Rep. Ayanna Pressley introduced legislation last week to require the CEOs of the country’s largest banks to testify before Congress at least once per year. While this might seem a perfectly run-of-the-mill measure from an outside vantage point, it is a marked departure from this Congress’ aversion to most oversight (especially of corporations). Indeed, most members of Congress have shown no appetite for the type of populist, corporate oversight for which we at the Revolving Door Project have advocated. Pressley, along with a handful of other freshman Democrats (and Rep. Maxine Waters) are notable exceptions. It is long past time that their approach became more mainstream.
It has been one year since the blue wave came crashing over the country, sweeping a new Democratic majority into the House of Representatives. Commentators wasted no time predicting how the new majority would use its powers. Ask for Donald Trump’s tax returns? Naturally. A subpoena cannon aimed at the White House? You bet. Meanwhile, the co-heads of Akin Gump’s Congressional Investigations Practice foresaw vigorous investigations of corporate America and, in anticipation, took to the pages of the Hill to advertise their firm’s services.
All of that turned out to be wishful thinking; rather than embracing their oversight powers, activists and grassroots organizers have, with few exceptions, had to push House Democrats kicking and screaming into investigating just about anything. While the oversight landscape has been bleak generally, nowhere is more barren than the terrain of corporate oversight. Akin Gump has almost certainly not received the windfall they had been expecting from corporate clients seeking counsel as House Democrats investigated their misbehavior.
In choosing not to perform oversight of corporate America, lawmakers are passing up an opportunity to demonstrate their commitment to good governance. Although it has been neglected in recent decades, oversight is an essential component of effective governing. Lawmakers cannot solve problems if they don’t actually understand the problems they are trying to solve. Thus, for example, it is essential that they understand how corporations avoid taxes if they want to redesign the IRS to put an end to the practice.

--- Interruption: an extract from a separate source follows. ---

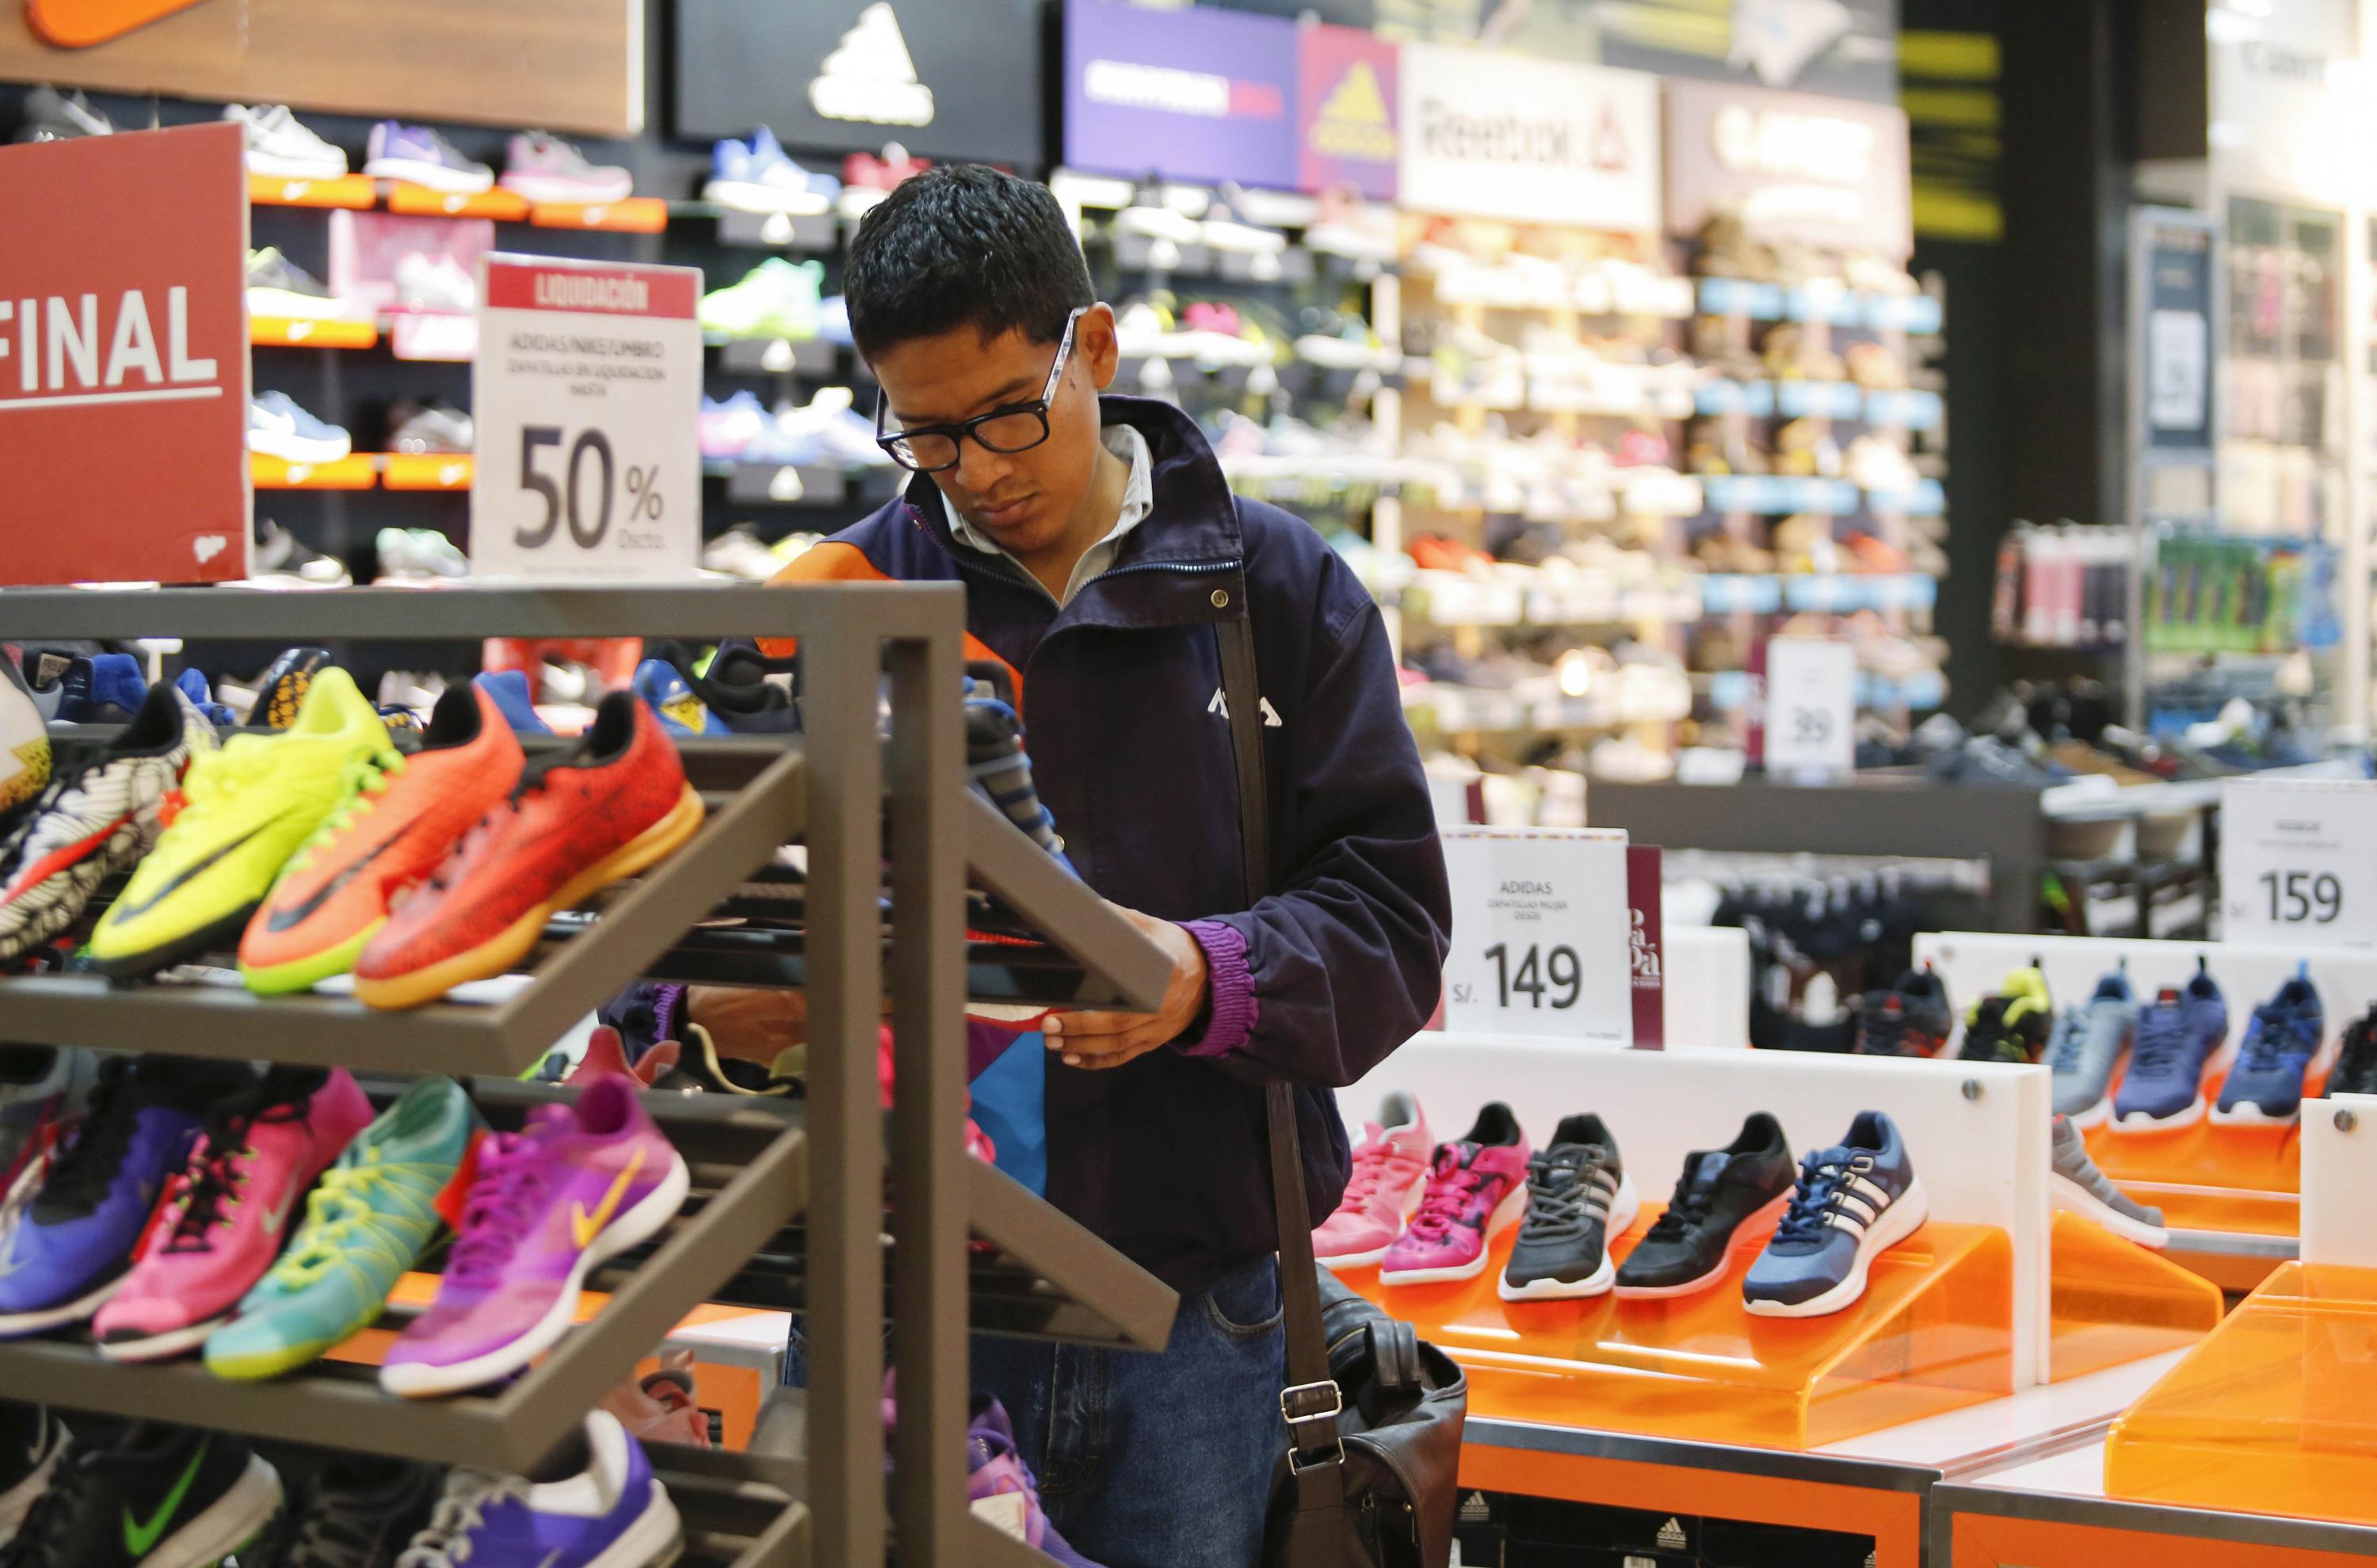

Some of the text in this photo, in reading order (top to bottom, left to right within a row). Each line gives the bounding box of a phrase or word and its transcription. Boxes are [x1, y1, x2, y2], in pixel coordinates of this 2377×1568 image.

But that’s not all. In addition to being good policy, corporate oversight represents good politics. People see growing corporate power in every aspect of their day-to-day lives, whether that be in the quality of their employment, the safety of their personal information, or the often shocking disjuncture between public opinion and political outcomes. Their options for fighting back against these unelected and unaccountable corporate overlords, however, are few. Lawmakers can, however, do so on their behalf by subjecting these companies to democratic accountability through hearings and broader investigations. In filling this accountability gap, lawmakers can adopt a politics that speaks directly to the 76 percent of people who were at least somewhat concerned that “big corporations have too much power over [their] family and [their] community,” according to one poll.
All hope that Democrats will seize this opportunity is not lost. In a deep field of oversight laggards, a handful of freshman Democrats have refused to succumb to investigative apathy. New lawmakers like Representatives Katie Porter, Alexandria Ocasio-Cortez, and Ayanna Pressley have clearly recognized the power of oversight, and especially corporate oversight, to give voice to Americans’ grievances and to act as a check on unbridled corporate power. No doubt they have also felt firsthand how such activities help to build and galvanize their base of support.
Of course, these freshman lawmakers have only had the opportunity to go to head-to-head with corporate titans because they serve under a House Financial Services Committee chair, Rep. Maxine Waters, who has put corporate America under the microscope. But most committee chairs have not been similarly inclined. Pressley’s new bill would ensure that, at least on the Financial Services committee, opportunities for confrontation are institutionalized, no matter the inclinations of committee leadership.
But we can’t conceivably codify all of the corporate oversight that Congress should be performing. Lawmakers, especially committee chairs, must come to recognize the necessity of corporate oversight, whether or not there are laws in place mandating annual testimony, so that they can respond to the changing demands of the time. If they’re wondering where to start right now, however, we suggest taking a page out of Pressley’s book and calling in the CEOs from the largest corporations under their jurisdiction (and then, ideally, calling them again the next year, and the year after, ad infinitem).